São Paulo, Brazil – Despite intense pressure from social and leftist movements to appoint Brazil’s first Black female Supreme Court justice, President Luiz Inácio Lula da Silva has nominated Justice Minister Flávio Dino for the seat.
The president announced his choice on Monday. Minister Dino’s nomination will still need to be approved by the Senate in a vote scheduled for December 13. Dino was chosen to replace Justice Rosa Weber, who retired in September after turning 75.
Brazil’s Supreme Court is composed of 11 judges, and following Justice Weber’s retirement, Justice Cármen Lúcia was the last remaining woman on the court. Therefore, President Lula had been under pressure from supporters to nominate a Black woman, as the court has never had a Black female judge.
The Supreme Court was founded on February 28, 1891, two years after the proclamation of the Republic of Brazil, and, since then, it has only had three female judges – all of them white. The first was appointed in 2000, the second in 2006 and the most recent in 2011.
The campaign for a Black female judge even reached the G20 summit in New Delhi in September. Banners calling for a Black female judge were installed at the airport when Lula arrived.
Since then, Lula indicated that he would not respond to the requests. In October, he said that gender and race would not be criteria for deciding the new Supreme Court judge.
From the beginning, it seems, Dino was a favorite for the nomination. He served as a federal judge for 12 years before leaving the career in 2006 to enter politics. Dino became a federal deputy, then the governor of Maranhão, in the northeast of the country, and was elected to the Senate in 2022.
He was named Minister of Justice when Lula took office in January this year and played a major role in the investigations into attacks on the country’s government headquarters by supporters of former President Jair Bolsonaro on January 8.

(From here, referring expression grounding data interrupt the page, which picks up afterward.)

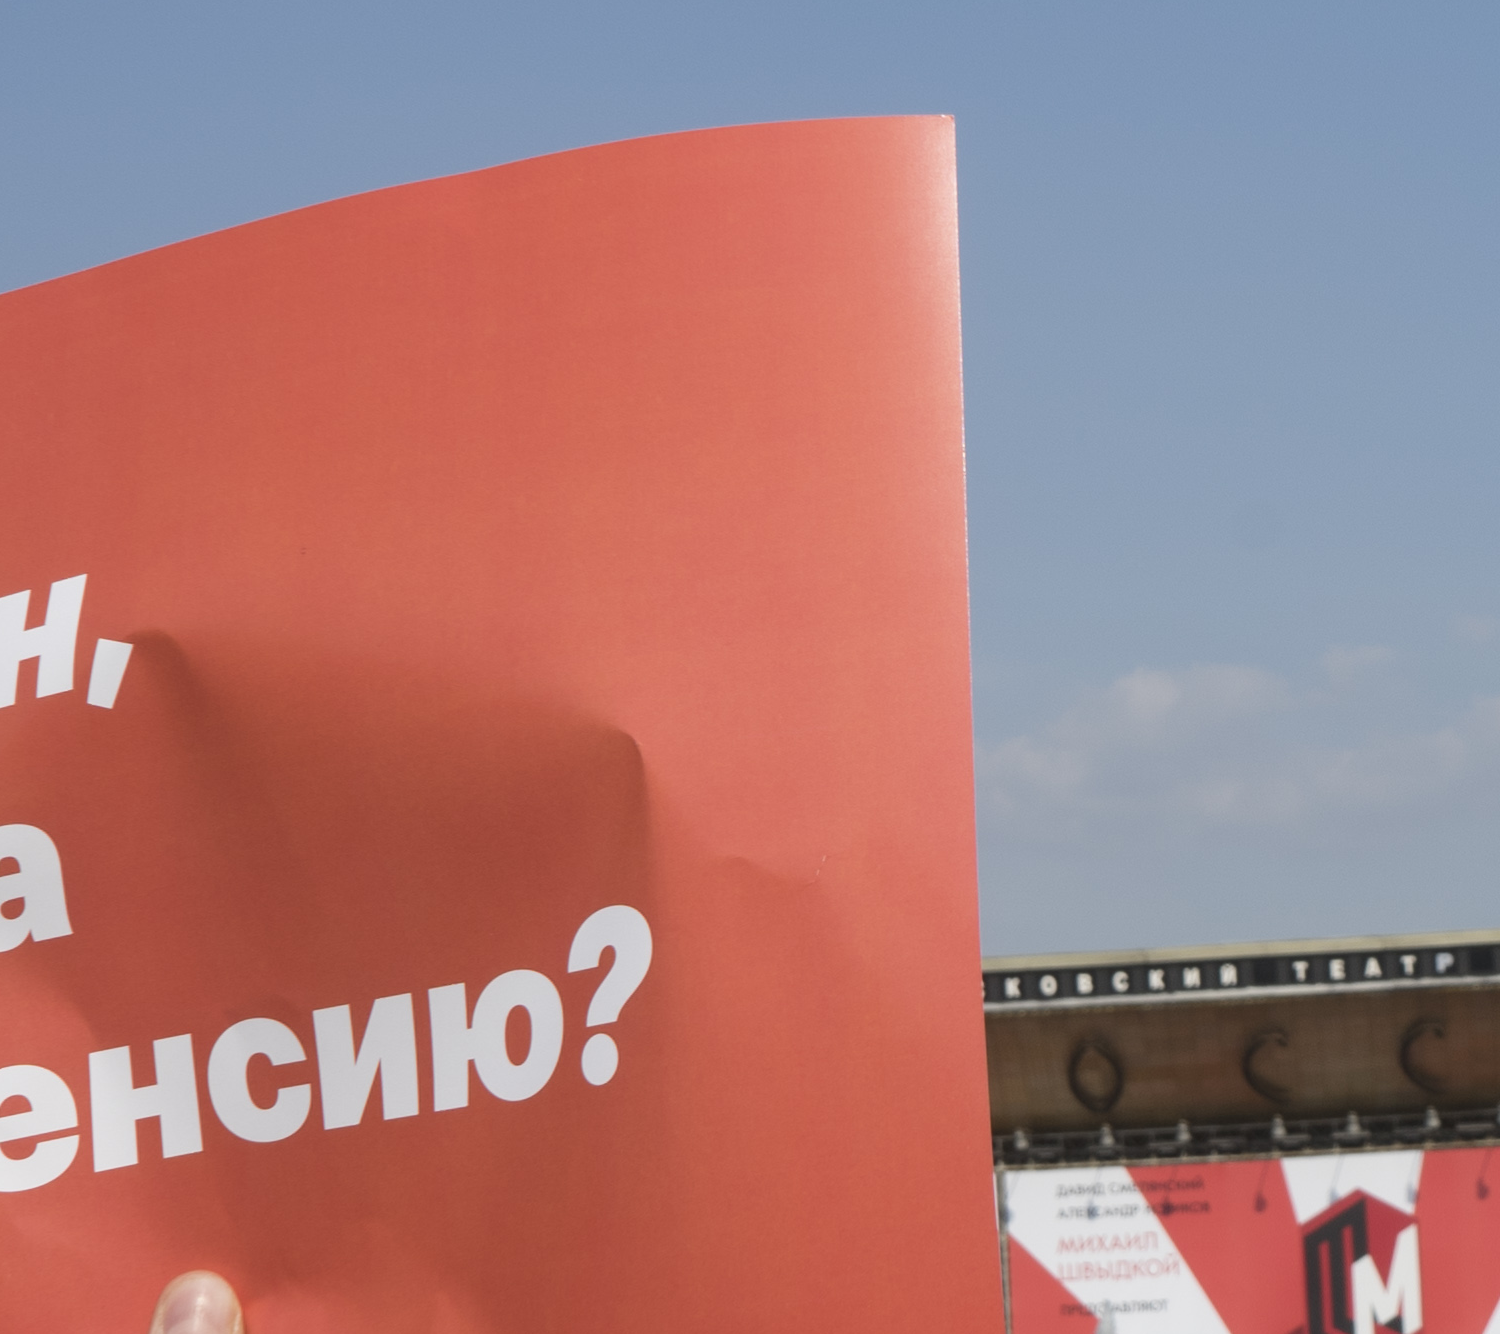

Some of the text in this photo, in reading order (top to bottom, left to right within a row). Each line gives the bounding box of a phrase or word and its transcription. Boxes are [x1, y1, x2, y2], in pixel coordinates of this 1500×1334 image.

[982, 963, 1238, 1002] КОВСКИЙ
[1292, 953, 1455, 983] ТЕАТР
[1055, 1230, 1160, 1255] МИХАИЛ
[1058, 1252, 1181, 1281] ШВЫДКОЙ
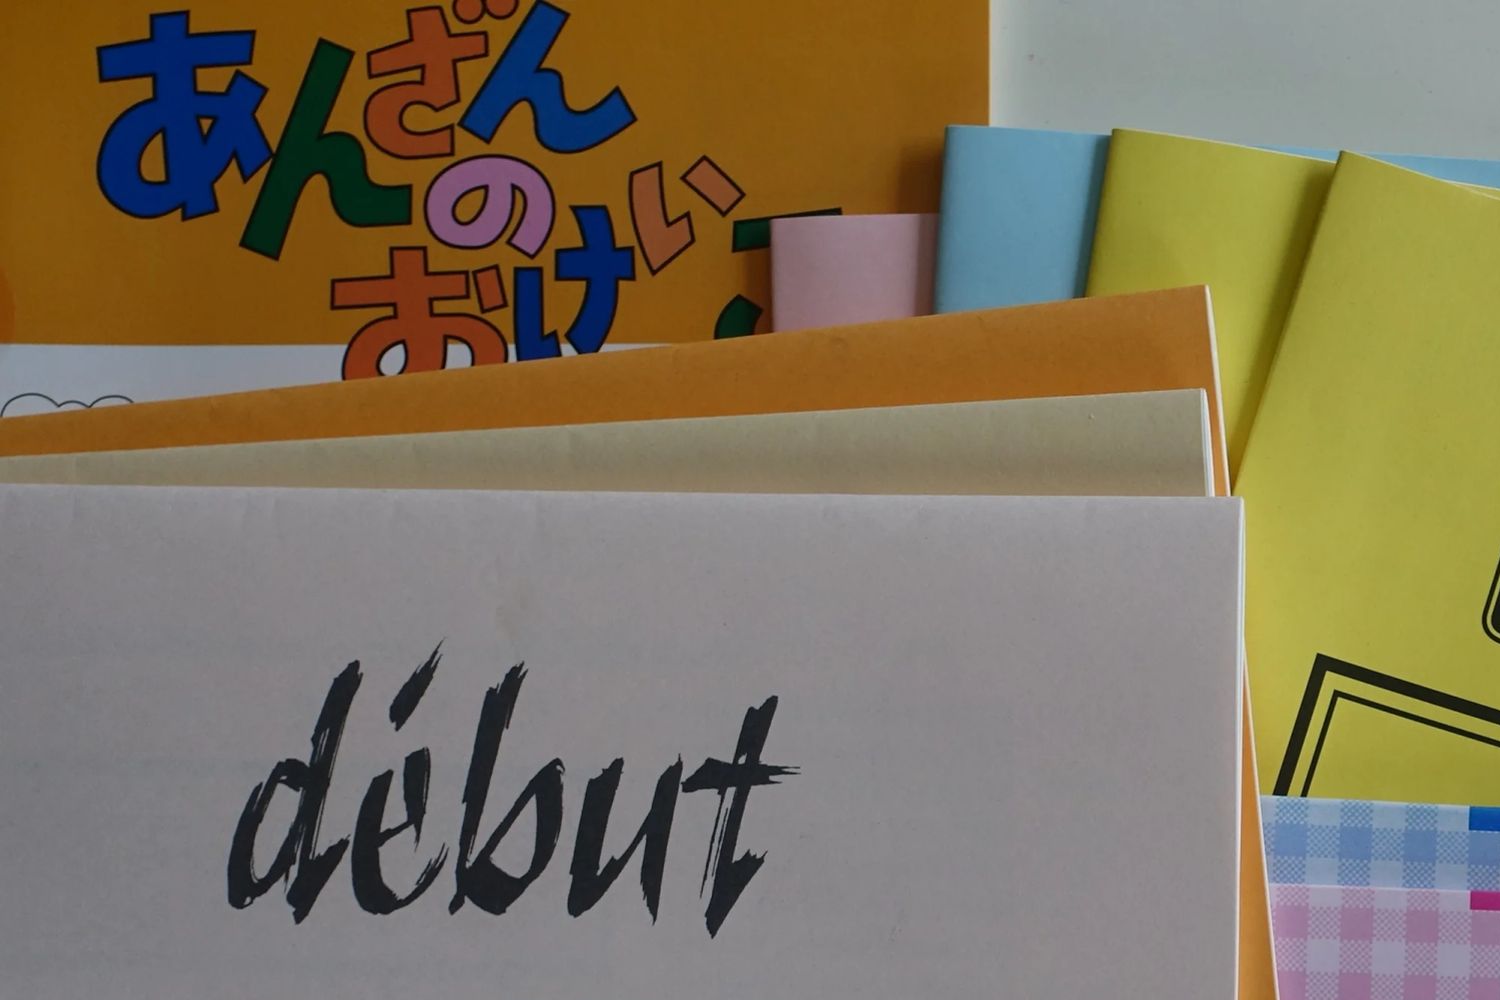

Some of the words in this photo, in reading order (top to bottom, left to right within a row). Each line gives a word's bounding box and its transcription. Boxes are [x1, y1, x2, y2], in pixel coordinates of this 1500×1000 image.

[97, 0, 637, 260] あんざん
[424, 155, 556, 258] の
[227, 637, 801, 939] début

Through social media, Dino expressed gratitude for the nomination and said that the choice is a professional recognition for his dedication to the country.
“I will engage in dialogue to seek the honorable support of my fellow senators. I am grateful for the prayers and expressions of affection and solidarity,” he wrote on X.
The Court’s lack of diversity
Proponents of a Black female judge argued that the Supreme Court has historically lacked diversity. In its 132 years in existence, the Court has had only three Black judges – all male.
The first black judge served on the court between 1907 and 1921. The second, between 1919 and 1937. After that, Brazil spent more than 60 years without having a black person on the Supreme Court bench.
The last Black member was Justice Joaquim Barbosa, who served from 2003 to 2014, and was also Brazil’s first Black Supreme Court President. There hasn’t been another Black person on the Court since Barbosa’s retirement in 2014.
Additionally, there are also criticisms of the lack of women on the country’s top Court. With Dino’s nomination, the Supreme Court will be composed of ten men and only one woman. There are more judges named “Luiz” (four) than women judges on the bench.
According to a survey made by the newspaper Folha de S.Paulo, Brazil has the second-lowest female representation on the Supreme Court in all of Latin America, behind only Argentina, which has no women on its main Constitucional Court.